NG165 – Not Treating Pneumonia With Anti-Biotics

N163 told practioners to not worry about causing respiratory depression by supplying morphine and midazalom. Ng191 offered the failed drug remdesivir to treat covid. Which quickly causes liver and/or kidney failure.

Ng165 sought to treat pneumonia differently by not supplying routine antibiotics for bacterial pneumonia. Read through the document yourself: practitioners are being told to not supply antibiotics for bacterial pneumonia because they “don’t work for ‘covid pneumonia'”.

The symptons of bacterial pneumonia and covid pneumonia… are identical! So here we have a document where a protocol is more or less designed to kill more people. As usual the NICE website no longer hosts this page on their site and you have to access it via the archvie.org wayback machine.

Antibiotic treatment

4.5 As COVID‑19 pneumonia is caused by a virus, antibiotics are ineffective.

4.6 Do not offer an antibiotic for treatment or prevention of pneumonia if:

  • COVID‑19 is likely to be the cause and
  • symptoms are mild.

    Inappropriate antibiotic use may reduce availability if used indiscriminately, and broad-spectrum antibiotics in particular may lead to Clostridioides difficile infection and antimicrobial resistance.

4.7 Offer an oral antibiotic for treatment of pneumonia in people who can or wish to be treated in the community if:

  • the likely cause is bacterial or
  • it is unclear whether the cause is bacterial or viral and symptoms are more concerning or
  • they are at high risk of complications because, for example, they are older or frail, or have a pre-existing comorbidity such as immunosuppression or significant heart or lung disease (for example bronchiectasis or COPD), or have a history of severe illness following previous lung infection.

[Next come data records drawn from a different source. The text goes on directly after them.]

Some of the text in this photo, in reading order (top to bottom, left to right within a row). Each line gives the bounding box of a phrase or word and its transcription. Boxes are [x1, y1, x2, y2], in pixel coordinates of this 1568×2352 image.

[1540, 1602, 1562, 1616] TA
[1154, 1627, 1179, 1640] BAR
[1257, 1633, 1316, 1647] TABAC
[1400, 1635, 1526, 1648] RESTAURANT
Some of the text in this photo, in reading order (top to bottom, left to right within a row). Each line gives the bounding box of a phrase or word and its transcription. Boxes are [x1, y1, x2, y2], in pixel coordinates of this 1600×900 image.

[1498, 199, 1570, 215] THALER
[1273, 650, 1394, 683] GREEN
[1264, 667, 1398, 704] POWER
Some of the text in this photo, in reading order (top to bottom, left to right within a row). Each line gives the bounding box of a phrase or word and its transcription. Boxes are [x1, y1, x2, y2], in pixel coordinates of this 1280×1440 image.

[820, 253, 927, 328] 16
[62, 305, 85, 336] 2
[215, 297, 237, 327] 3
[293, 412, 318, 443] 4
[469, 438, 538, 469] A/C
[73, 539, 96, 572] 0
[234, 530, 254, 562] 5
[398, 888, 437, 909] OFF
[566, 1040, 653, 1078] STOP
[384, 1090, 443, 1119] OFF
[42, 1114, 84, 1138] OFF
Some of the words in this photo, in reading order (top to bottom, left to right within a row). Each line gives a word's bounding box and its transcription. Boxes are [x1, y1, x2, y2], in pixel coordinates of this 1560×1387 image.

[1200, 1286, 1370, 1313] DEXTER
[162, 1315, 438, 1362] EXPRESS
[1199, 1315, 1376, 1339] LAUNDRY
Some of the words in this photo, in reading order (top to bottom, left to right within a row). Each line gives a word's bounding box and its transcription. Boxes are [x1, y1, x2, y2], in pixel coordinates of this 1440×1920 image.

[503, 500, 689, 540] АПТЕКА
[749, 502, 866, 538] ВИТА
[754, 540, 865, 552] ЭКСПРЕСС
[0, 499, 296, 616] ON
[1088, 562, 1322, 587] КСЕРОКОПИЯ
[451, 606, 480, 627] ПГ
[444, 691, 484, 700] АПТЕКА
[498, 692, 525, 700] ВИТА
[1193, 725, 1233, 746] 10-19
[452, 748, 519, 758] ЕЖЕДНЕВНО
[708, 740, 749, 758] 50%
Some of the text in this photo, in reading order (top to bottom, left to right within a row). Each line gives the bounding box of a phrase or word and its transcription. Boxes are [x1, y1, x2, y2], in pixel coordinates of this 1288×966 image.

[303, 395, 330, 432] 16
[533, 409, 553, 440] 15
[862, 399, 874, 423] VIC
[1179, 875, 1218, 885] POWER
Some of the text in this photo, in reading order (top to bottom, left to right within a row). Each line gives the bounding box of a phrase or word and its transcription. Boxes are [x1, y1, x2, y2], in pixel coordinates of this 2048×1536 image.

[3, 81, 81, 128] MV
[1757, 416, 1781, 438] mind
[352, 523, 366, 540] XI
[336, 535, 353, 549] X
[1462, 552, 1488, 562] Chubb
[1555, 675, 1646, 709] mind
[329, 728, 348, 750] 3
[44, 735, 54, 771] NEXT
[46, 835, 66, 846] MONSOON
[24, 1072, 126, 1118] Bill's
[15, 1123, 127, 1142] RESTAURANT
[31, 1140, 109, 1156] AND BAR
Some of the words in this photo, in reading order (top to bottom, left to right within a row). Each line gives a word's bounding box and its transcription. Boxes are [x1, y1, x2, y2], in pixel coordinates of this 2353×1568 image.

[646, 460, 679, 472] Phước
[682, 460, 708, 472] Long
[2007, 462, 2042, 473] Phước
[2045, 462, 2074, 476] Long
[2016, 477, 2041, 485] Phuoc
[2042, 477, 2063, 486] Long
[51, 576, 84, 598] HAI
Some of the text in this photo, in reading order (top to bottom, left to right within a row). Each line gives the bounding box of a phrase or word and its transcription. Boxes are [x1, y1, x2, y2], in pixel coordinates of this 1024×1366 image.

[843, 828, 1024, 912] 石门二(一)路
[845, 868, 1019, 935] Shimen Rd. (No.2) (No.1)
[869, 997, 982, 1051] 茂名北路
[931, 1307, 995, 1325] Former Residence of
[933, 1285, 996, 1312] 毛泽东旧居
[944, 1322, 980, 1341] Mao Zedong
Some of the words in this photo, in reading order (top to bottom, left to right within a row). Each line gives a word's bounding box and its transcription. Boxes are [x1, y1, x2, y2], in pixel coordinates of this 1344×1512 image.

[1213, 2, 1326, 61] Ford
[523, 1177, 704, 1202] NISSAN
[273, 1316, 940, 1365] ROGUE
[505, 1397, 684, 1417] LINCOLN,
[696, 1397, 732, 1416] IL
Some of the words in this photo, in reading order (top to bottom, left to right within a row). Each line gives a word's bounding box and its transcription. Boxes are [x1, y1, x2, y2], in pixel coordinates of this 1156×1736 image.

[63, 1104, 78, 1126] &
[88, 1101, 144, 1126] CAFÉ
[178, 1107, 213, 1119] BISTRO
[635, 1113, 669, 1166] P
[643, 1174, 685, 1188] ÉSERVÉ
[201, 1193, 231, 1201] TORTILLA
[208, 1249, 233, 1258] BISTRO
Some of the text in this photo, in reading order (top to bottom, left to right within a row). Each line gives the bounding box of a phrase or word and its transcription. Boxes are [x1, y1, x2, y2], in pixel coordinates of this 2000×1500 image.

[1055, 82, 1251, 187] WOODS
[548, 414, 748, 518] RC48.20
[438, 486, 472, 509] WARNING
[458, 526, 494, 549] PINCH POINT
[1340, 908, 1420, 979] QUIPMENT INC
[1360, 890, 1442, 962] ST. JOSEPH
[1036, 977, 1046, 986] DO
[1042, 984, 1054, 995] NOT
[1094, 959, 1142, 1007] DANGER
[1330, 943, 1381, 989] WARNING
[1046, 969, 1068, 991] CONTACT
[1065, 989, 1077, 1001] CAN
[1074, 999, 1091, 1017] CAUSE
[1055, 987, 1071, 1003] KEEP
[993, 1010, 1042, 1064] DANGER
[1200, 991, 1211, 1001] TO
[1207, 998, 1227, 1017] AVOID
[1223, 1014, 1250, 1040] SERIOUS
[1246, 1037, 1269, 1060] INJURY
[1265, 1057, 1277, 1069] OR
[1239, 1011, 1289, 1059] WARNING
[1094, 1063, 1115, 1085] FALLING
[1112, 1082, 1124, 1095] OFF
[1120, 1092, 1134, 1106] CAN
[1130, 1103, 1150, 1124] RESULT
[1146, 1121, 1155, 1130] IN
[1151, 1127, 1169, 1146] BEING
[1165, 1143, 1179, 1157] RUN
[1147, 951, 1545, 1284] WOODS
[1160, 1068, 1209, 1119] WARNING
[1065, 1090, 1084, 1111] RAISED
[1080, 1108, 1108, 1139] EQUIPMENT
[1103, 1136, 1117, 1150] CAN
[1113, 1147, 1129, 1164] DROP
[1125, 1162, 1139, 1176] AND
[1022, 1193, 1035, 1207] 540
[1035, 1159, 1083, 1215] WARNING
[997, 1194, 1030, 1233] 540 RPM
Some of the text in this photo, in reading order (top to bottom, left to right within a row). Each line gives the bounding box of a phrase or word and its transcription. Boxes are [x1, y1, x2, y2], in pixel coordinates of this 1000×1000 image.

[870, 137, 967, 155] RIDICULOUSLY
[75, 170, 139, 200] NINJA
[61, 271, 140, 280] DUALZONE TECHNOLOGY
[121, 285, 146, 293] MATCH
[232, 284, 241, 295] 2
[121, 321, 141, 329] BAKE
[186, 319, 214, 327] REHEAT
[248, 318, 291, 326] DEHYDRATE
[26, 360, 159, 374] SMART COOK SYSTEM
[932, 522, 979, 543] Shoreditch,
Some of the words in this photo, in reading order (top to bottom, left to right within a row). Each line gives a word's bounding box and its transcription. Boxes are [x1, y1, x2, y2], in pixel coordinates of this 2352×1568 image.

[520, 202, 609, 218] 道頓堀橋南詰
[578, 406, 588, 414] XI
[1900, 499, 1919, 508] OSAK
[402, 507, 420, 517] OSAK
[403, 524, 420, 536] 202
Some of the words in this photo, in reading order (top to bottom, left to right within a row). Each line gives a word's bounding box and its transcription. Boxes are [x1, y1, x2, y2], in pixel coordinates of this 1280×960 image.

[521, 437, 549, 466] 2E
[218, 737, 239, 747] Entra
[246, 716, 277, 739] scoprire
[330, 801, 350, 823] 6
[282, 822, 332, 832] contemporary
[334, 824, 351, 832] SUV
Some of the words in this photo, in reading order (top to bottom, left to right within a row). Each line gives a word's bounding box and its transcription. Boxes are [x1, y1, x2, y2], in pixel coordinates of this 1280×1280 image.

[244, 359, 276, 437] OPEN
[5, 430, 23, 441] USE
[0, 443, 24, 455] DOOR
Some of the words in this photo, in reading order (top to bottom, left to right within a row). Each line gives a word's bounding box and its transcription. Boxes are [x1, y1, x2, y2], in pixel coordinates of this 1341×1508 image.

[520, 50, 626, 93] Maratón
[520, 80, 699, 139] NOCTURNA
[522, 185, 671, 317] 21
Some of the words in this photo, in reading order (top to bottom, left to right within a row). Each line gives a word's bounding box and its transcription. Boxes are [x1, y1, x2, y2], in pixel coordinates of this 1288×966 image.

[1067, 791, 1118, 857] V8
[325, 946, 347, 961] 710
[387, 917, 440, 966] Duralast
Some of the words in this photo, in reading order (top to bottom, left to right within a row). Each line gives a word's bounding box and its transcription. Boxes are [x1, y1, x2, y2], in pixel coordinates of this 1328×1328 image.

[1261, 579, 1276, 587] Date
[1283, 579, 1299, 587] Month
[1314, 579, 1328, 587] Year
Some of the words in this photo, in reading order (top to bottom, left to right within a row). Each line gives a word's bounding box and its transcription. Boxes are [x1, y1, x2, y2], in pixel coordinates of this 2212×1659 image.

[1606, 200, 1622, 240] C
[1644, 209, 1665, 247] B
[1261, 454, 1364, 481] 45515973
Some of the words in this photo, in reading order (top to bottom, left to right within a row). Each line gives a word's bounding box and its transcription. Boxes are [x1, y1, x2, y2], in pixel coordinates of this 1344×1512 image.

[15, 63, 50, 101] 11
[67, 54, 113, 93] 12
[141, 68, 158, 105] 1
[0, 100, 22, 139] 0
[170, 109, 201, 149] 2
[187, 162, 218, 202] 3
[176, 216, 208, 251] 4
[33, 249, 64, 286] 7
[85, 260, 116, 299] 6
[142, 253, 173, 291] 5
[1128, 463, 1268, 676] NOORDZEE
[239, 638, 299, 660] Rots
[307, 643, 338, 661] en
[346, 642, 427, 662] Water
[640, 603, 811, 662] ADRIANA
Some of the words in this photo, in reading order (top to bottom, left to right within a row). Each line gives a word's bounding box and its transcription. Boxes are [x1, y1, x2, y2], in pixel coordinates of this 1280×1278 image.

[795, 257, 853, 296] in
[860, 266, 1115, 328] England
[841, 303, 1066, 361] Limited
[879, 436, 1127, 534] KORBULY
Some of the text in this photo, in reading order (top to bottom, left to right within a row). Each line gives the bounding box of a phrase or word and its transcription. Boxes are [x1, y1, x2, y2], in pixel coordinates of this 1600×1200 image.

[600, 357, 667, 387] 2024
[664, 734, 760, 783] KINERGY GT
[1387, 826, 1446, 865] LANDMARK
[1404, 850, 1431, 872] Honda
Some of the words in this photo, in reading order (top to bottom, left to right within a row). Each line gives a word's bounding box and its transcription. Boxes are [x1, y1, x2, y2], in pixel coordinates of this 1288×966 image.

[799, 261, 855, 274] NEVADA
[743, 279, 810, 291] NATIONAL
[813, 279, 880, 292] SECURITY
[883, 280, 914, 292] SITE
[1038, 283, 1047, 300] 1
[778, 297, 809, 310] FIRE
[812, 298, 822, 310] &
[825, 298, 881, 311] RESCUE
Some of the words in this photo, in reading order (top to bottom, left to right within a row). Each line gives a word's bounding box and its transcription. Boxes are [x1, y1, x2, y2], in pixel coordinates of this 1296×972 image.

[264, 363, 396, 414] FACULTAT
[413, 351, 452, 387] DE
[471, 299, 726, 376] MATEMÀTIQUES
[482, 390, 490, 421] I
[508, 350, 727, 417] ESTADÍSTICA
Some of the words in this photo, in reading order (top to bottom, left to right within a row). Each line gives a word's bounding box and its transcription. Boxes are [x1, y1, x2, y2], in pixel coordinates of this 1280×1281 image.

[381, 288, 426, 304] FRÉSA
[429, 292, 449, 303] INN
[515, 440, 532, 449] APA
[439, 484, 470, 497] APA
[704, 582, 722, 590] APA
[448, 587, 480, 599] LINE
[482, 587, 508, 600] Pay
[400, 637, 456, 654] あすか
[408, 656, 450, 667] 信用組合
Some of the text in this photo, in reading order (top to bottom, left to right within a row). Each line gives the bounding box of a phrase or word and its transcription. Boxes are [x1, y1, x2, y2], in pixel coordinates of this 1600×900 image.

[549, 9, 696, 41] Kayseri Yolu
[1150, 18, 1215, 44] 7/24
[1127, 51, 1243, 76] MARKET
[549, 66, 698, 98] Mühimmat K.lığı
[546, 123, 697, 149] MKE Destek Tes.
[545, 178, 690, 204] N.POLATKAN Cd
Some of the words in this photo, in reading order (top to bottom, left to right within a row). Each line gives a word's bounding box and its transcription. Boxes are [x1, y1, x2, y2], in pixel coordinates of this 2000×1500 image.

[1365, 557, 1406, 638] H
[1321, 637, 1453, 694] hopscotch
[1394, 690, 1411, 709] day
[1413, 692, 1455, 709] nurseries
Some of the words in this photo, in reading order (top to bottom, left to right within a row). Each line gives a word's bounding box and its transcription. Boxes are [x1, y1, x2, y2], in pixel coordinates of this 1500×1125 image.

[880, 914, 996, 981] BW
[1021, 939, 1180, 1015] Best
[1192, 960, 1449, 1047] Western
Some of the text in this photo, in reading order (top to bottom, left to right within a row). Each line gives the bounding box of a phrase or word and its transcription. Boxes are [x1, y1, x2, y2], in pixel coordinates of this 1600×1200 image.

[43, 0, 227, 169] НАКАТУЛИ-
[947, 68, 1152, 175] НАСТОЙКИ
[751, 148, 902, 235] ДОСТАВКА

4.8 When starting antibiotic treatment, the first-choice oral antibiotic is:

  • doxycycline 200 mg on the first day, then 100 mg once a day for 5 days in total (not in pregnancy)
  • alternative: amoxicillin 500 mg 3 times a day for 5 days.

4.9 Do not routinely use dual antibiotics.

4.10 For choice of antibiotics in penicillin allergy, pregnancy and more severe disease, or if atypical pathogens are likely, see the recommendations on choice of antibiotic in the NICE antimicrobial prescribing guideline on community-acquired pneumonia.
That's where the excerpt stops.